Porter’s career in real estate got the sisters thinking that maybe there was a way to incorporate their knack for creating elegant yet eclectic interiors by staging homes on the New York real estate market. Thus was born Hovey Design.

Porter says the sisters aim to meld the architectural styles with the neighborhood vibes of the properties they stage to appeal to the right type of clients. 

One of their recent projects, Jefferson 47, a historic townhouse located in Brooklyn’s Bedford-Stuyvesant neighborhood, had recently been updated and converted from a four-unit apartment building to a duplex. Envisioning a young family living in one or both of the units, Hollister and Porter brought in a mix of furnishings by such design stalwarts as Milo Baughman, Gio Ponti and Tobia Scarpa. They complemented the townhouse with warm colors, textured textiles and chrome and marble tables.

“We want our design to have a point of view, but we don’t want it to have too much quirky personality,” Hollister says. “It’s a very fine line between being fascinating, memorable and beautiful, but not looking like a tiny narrow personality would fit in it. So it has to be sort of broad, but also memorable.”

Their staging stands apart from that of other New York firms that do “beautiful, slick work” that’s perfect for super high-end properties but isn’t always appropriate for others, Porter says.

“We saw a massive opportunity for something in the middle, because we weren’t seeing how anyone we know lives. We thought there has to be something that reflects a different kind of buyer, which is the majority of people,” Hollister adds.

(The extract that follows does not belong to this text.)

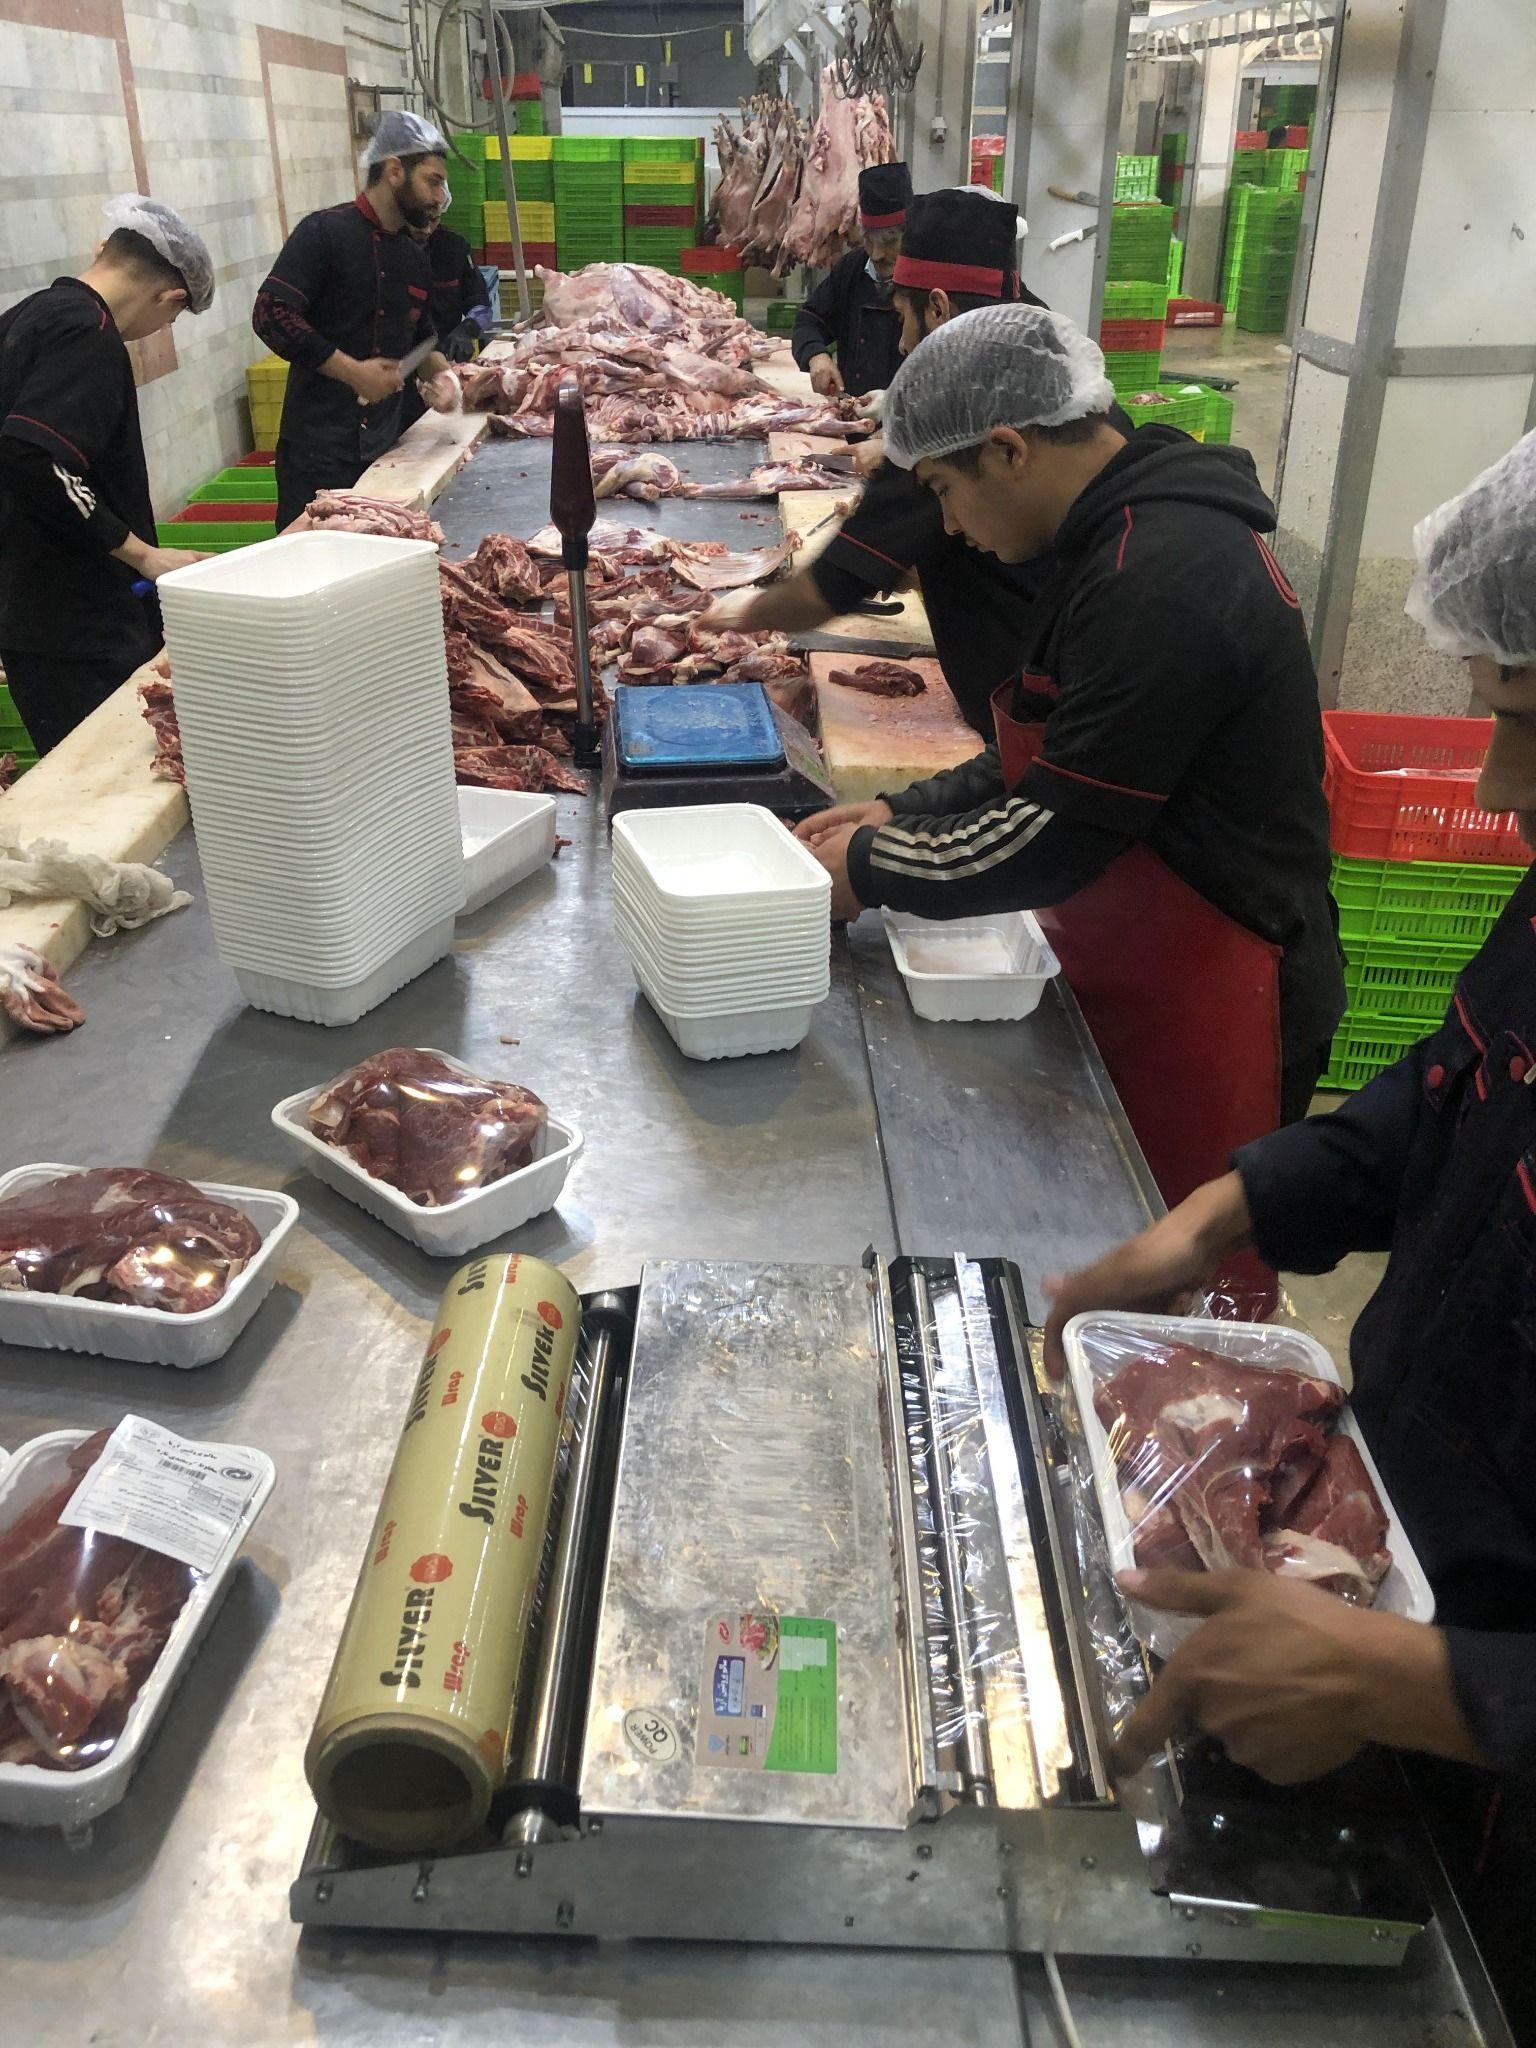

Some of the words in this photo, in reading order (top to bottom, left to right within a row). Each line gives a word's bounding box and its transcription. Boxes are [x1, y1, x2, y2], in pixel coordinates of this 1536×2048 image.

They blend big-box store furnishings that are simple and classic—CB2 and Crate and Barrel are favorites—with antiques and mid-century pieces—particularly French and Italian that they buy at auctions—to create designs that look like they’ve been accumulated over time.

“It’s collected and tells the story of how people evolve in their own lives,” Hollister explains. “Those make the most interesting homes—when you can see that there are layers. We wanted to bring that to staging.”